Violence is hopelessly impractical - every dead person is a brother, mother, sister, friend - all of which causes bad blood. Further, the terror is the tool of a minority, it is necessary for a minority to impose its will, a socialist movement would have no need of terror, or the essentially counter-revolutionary social relations of a terror.
: That's right. Can't tell the difference between capitalists and Marxists anymore, RD?
Strangely, Trotsky also imprisoned proles, and executed more than enough - the cheka imprisoned non-party proles to help gerrymander the soviets - precious few capitalists were on teh recieving end of the red terror.
Further, who is to decide exactly who is acting in the class interest of the proles? It seems, according to trotsky's logic, that any bugger can decide that he is acting in the class interest of the working class, and justify his actions.
: The real amusement is that you call yourself a Marxist.
Well, I looked at my 'marxist contract', and it doesn't seem to include supporting rule by terror.
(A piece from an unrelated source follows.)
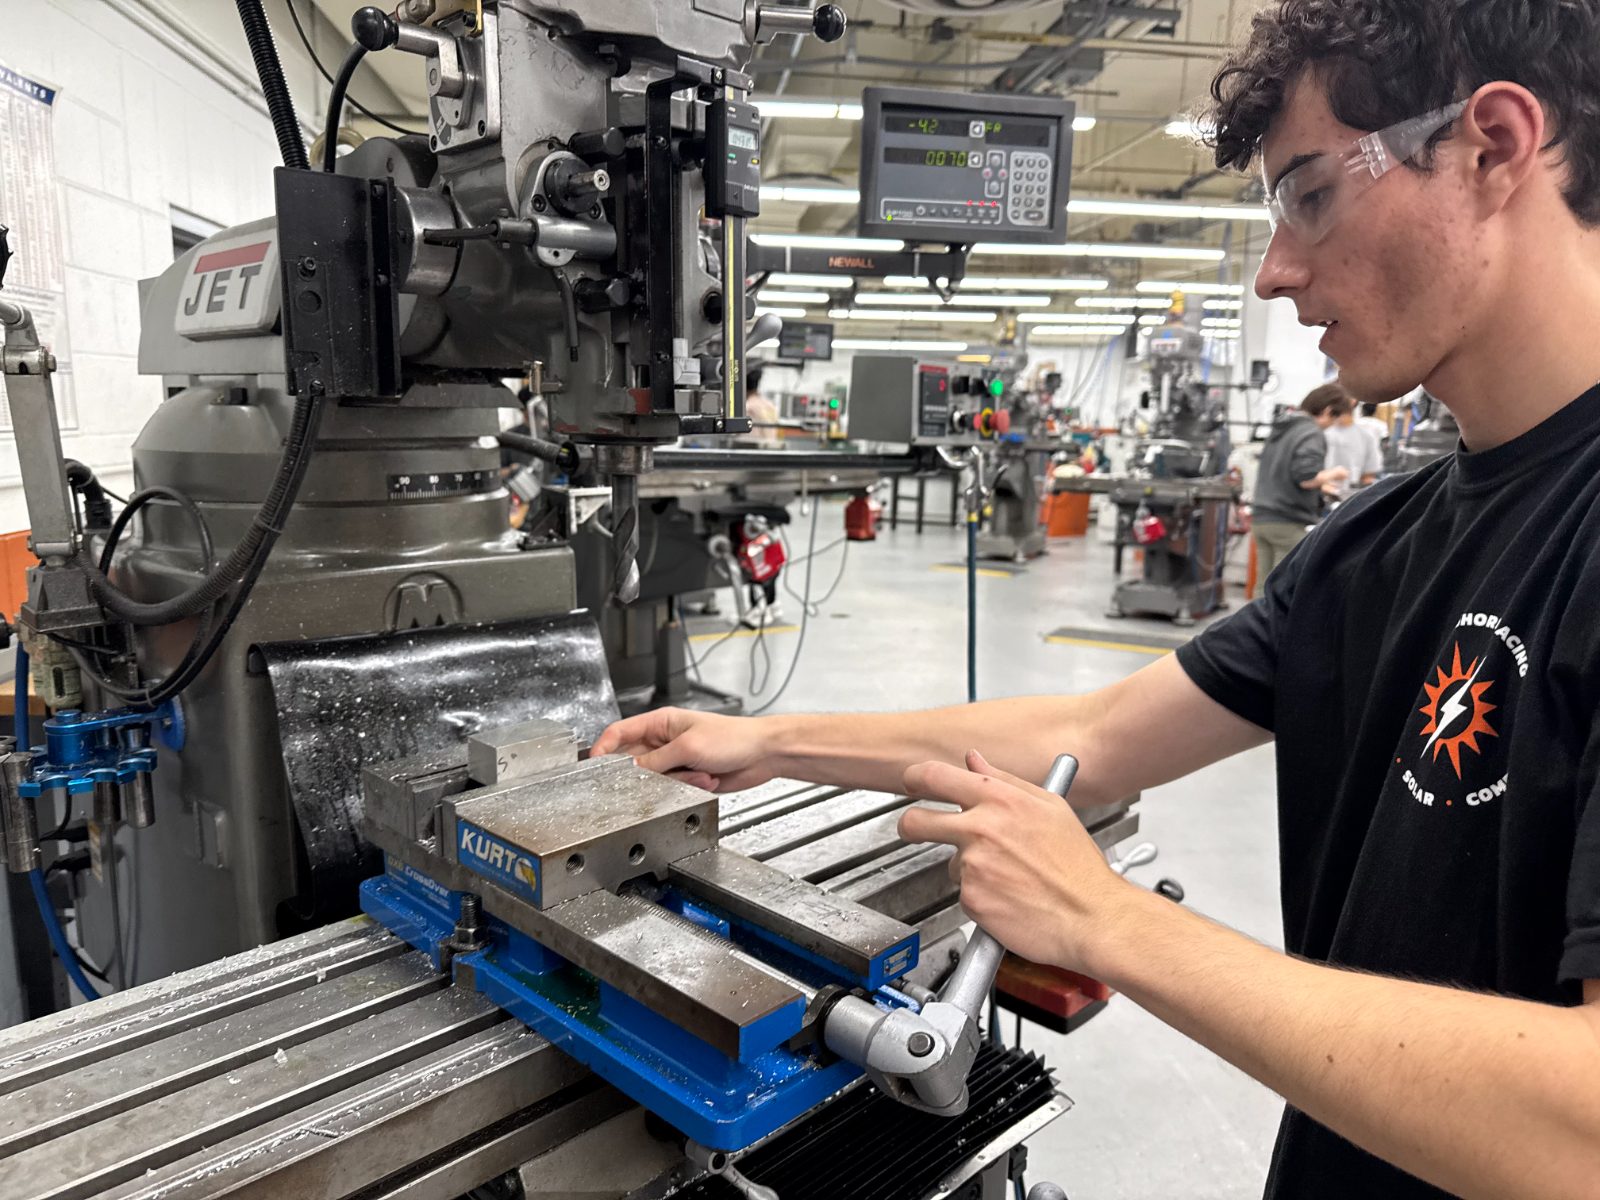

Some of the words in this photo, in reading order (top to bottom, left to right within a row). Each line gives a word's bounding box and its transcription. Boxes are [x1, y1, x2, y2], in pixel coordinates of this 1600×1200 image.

The acme of Marxian 'ethics' must surely be that humans ought to be in a position to be an end in themselves (quasi kantian stylee), to develop their full human (i.e. social) potential. Violence is inherently anti-social, counter productive, and destructive of necessary resources. Surely it is encumbant upon revolutionaries to avoid violence where ever possible - and political democracy presents us with that possibility - as Marx observed to teh workers of hollabnd (and England).
"Parties do not make revolutions, only nations" Marx, interview with Chicago tribune - interesting quote methinks, just randomly bubbled to my mind...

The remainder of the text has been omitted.